City as Laboratory for Alternative Urban Research and Practice

The current landscape of cities is that of contested processes, interdependencies and relations which are dominated to various degrees by diverse actors with contrasting voices and agendas. These complex relations emerge from historical and material dialectics of the territory, linking diverse activities with the environment in a time-based evolving process, connecting action sequences that may happen simultaneously both locally and globally. To appropriately engage in this arena, a critical re-appraisal is required concerning a new paradigmatic shift in the cultural discipline and practice of Architecture and Urban Design, one that views design as an interpretive and open form of action.

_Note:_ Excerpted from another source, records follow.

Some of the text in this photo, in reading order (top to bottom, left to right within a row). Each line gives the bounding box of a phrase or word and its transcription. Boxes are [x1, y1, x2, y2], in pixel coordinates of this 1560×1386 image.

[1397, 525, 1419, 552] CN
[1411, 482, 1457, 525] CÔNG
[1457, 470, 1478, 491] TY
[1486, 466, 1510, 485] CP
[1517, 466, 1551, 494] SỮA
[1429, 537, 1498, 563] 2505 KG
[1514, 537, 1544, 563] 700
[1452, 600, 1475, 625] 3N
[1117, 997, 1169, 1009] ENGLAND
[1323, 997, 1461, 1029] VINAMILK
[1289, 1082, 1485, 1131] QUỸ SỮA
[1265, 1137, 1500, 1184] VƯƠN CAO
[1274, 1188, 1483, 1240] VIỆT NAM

Arguably a re-appraisal of this nature needs to start in education. The notion of sleepless nights spent toiling over the design of a hypothetical museum or even the genuine article of a micro design-build project does little to enliven an understanding of the underlying and surface complexities that run constant in the shaping of the urban realm. As well as in practice, there is necessary movement to re-engage with the ground, the real, as it unfolds in front of us. Pre-dated by learned theory and methodology, the act of research, especially field-based investigation, becomes paramount to the exposure of a reality that offers higher stakes, higher return value and unparalleled informed experience. As Jeremy Till suggests, there are other ways of doing architecture.

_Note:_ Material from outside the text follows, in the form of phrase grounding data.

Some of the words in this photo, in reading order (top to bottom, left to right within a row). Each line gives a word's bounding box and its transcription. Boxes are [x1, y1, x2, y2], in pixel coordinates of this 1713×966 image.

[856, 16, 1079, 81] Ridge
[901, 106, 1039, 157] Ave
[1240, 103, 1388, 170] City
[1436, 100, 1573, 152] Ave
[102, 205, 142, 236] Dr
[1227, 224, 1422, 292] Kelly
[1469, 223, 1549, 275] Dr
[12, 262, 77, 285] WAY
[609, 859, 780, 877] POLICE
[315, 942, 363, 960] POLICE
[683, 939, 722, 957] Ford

In a move to align with any emerging shift in an alternative or renewed critical design practice, the Bartlett’s Development Planning Unit has launched its 2nd annual summerLab series. Drawing on extensive internal resources and established departmental ethos, these workshops are an intended extension of academic and professional pursuits seeking to leverage the reality of the city as a laboratory for developing socially responsive design measures that provoke, stimulate, strategize, and reconsider the role of designers and practitioners in promoting spatial justice.

This type of investigation and action has played out annually through the highly successful extended fieldtrips run as part of the DPU’s MSc courses where student groups are facilitated by local partner universities and organizations and focus on various approaches and contextual challenges such as slum upgrading capacity building and alternative urban housing proposals (Mumbai), pro-poor community mobilization and housing provision strategies (Bangkok), the livelihoods surrounding urban and peri-urban agriculture (Accra, Ghana), and poverty reduction programming and agriculture industrialization (Addis Ababa, Ethiopia). In these cases, faculty and students were able actively engage in a transition from classroom methodology to practical hands on research and interpretive design application, gaining valuable insight into the limitations, possibilities and decision making processes involved in various forms and scales of development. In those experiences, the current and realistic nature of critical questioning and knowledge exchange is often found to be an irreplaceable artefact.

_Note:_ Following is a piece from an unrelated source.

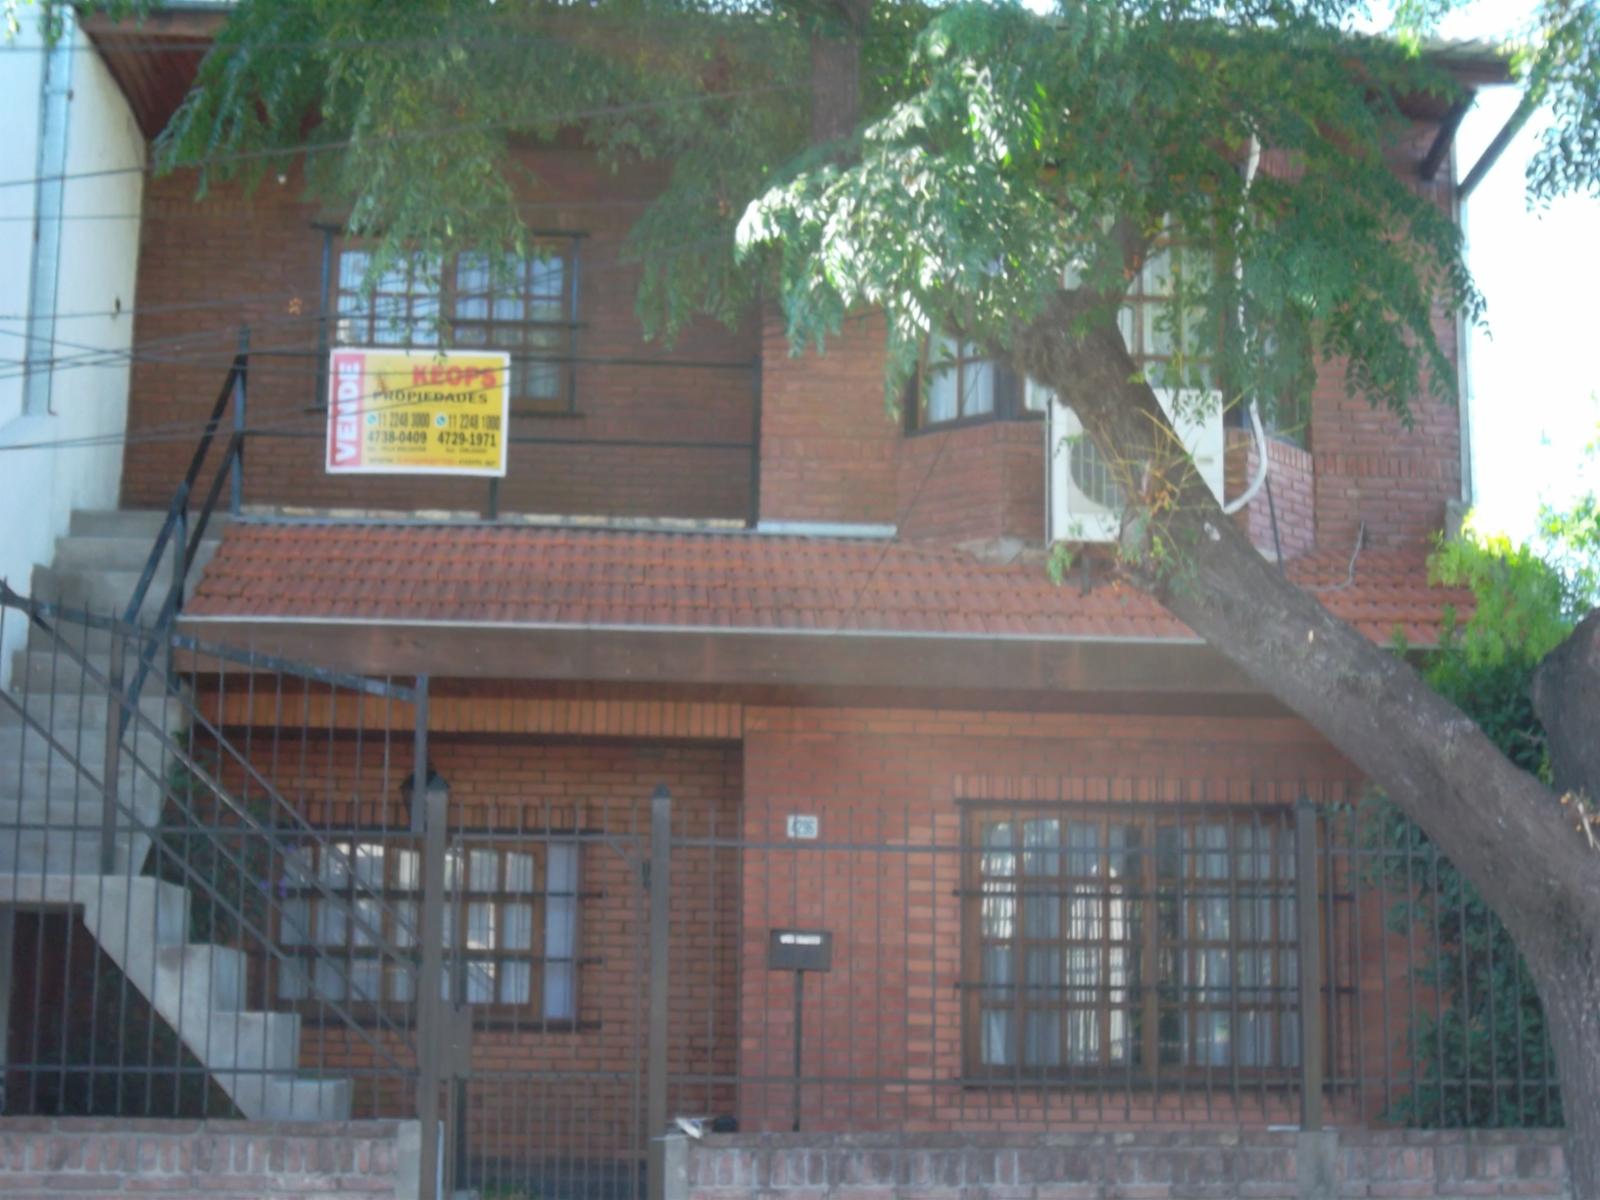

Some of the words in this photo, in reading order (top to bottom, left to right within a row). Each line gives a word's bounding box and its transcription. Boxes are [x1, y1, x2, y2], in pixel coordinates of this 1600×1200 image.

[412, 364, 496, 389] KEOPS
[373, 390, 487, 404] PROPIEDADES
[335, 361, 360, 462] VENDE
[438, 431, 496, 447] 4729-1971

In a similar parallel vein, but with a more site/area-based parameter focus, DPU summerLab strives to establish a unique rotating platform for in-situ immersion and experimentation in urban environments where the boundaries of spatial agency are actively tested. Hinging upon critical analysis and spatial knowledge development, the workshops are tailored toward students and emerging professionals in architecture, urban design, planning and just about any discipline in between or beyond these. At once, they offer a vital testing ground for the resolution of spatial interventions with local socio-economic trends alongside embedded political contexts, allowing participants to venture outside of their everyday modus operandi in order to gain further access to design-driven field-based action research.

This summer, alongside local collaborators, we will be immersing interested participants and ourselves in the contradictory landscapes of Bucharest (urban clashes resulting from informal city centre settlements and plans for Europe’s largest Orthodox Cathedral), the suspect facets and spaces of an alternative and multicultural Zurich (crime, drug-trade and prostitution in the Langstrasse, and neighbouring districts), and occupied structures and interstitial territories of Rome (challenges facing Roma and other squatter communities).


William Hunter is an architect, urban designer and Teaching Fellow at University College London’s Bartlett Development Planning Unit where he leads studio modules in urban practice in the developing world, critical case study analysis, and investigative design strategies.